So, where do you start?

Distributing and manufacturing companies need a master data strategy when it comes to their catalog. Catalog migration is one of the single greatest problems in eCommerce implementations we see. Making it a priority and setting the groundwork for your organization to scale will take some effort in the front-end but doing that will ensure long-term success and a better experience for your customers.

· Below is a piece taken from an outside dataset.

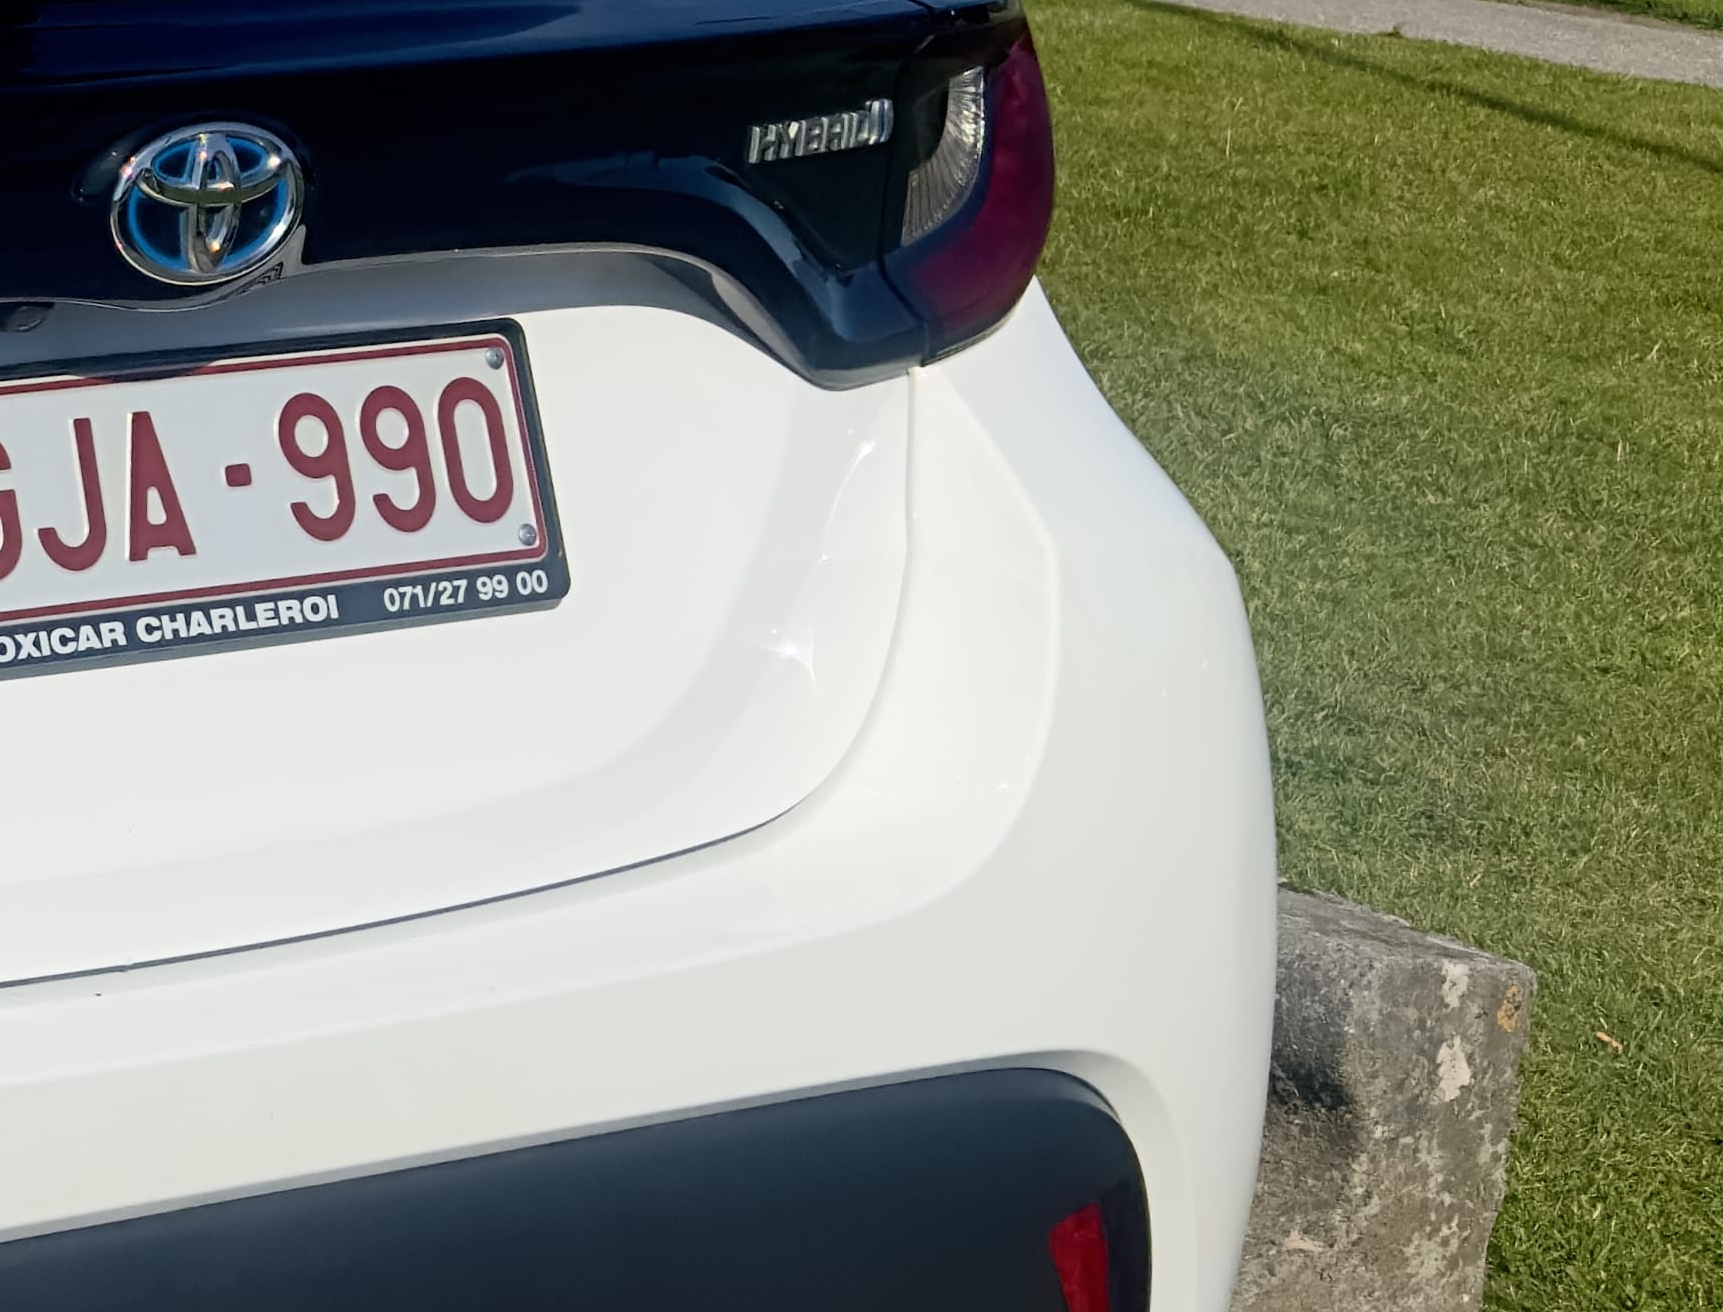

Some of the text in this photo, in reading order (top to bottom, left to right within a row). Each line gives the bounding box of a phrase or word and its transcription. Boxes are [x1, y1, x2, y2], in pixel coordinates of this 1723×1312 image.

[383, 570, 548, 612] 071/27 99 00
[136, 595, 339, 644] CHARLEROI
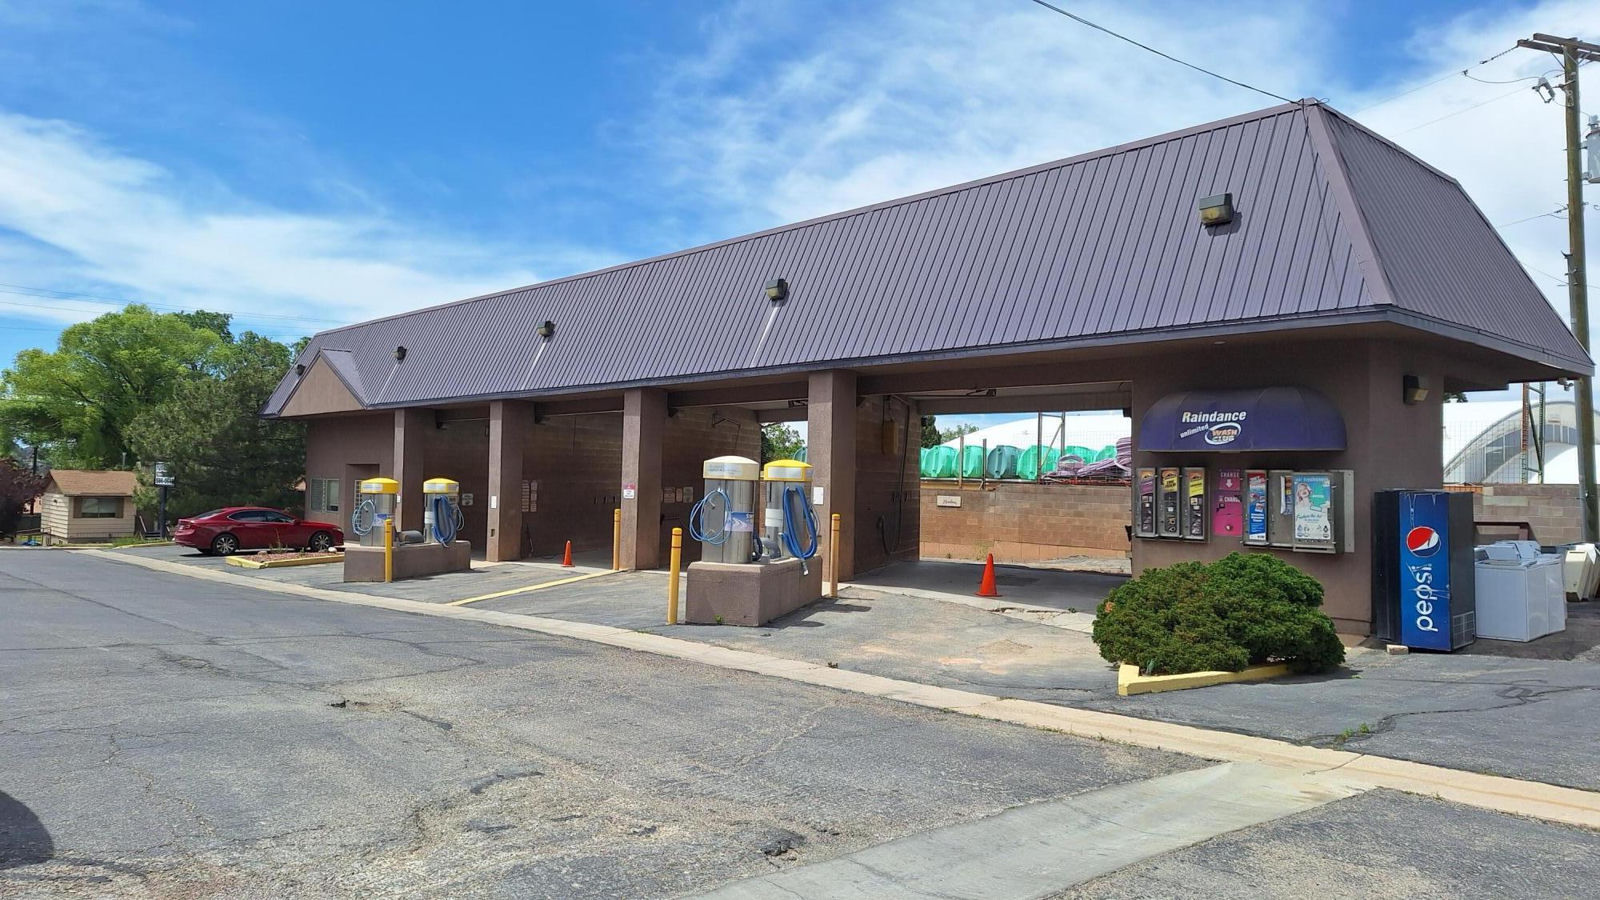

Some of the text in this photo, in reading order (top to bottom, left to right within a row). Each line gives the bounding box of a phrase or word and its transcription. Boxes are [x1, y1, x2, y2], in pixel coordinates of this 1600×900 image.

Here are 6 steps that will enable you to make this monumental task more manageable:

  1. No shortcuts – Do not cut and paste data from your enterprise resource planning (ERP) system. If you do, the customer experience will fall flat on its face. Most ERP systems capture only base raw data and lack the more technical attribution or enriched product descriptions and naming conventions. While some stakeholders may recognize your unique naming conventions because they have worked with you long enough to know, the majority will not. The way you identify your products needs to change so that product searches are quick and painless for your customers.
  2. Define the “what” – Get a read on the current state of your data. Conduct a base analysis so that you can see what attributes are missing and what you want to capture moving forward for all channels digital and not. Then, make the necessary foundational changes to start being able to capture this information in the future.
  3. Scrub the data for consistency – Once you have a base attribution defined, cleanse your data. Look at how your data is described: do you use fractions and decimals for dimensions? Do you have different naming conventions or punctuation for the same information? Create consistency and get rid of duplication across categories. The ease by which a customer and/or partner browses and filters data will depend on this step. Make it count!
  4. Enrich the data in your PIM – Don’t try to enrich your data in the ERP system. You will be limited by system restrictions for what you want in a digital user experience. You will also end up enriching the data multiple times based on where you distribute the data (see right). Companies need to leverage the ERP as the foundation to all master data but allow the workflows and enrichment to occur in a system designed to scale around multiple catalog needs.

    The Product Information Management system or PIM, when structured appropriately, should allow for easier management and classification by your business users to make ongoing management more streamlined.

    PIM is a data repository that enables you to extract and propagate data to and from different sources. Once the data is in the PIM, then you can enrich it, translate and/or categorize it, then push it out to partners, customers and the like. A PIM enables you to get the data and its delivery right first before you focus on the user experience.
  5. Prioritize – Digitizing your catalog should be an iterative process. Identify which products are most important to your business. Get those products to market first before moving onto the next few thousand products.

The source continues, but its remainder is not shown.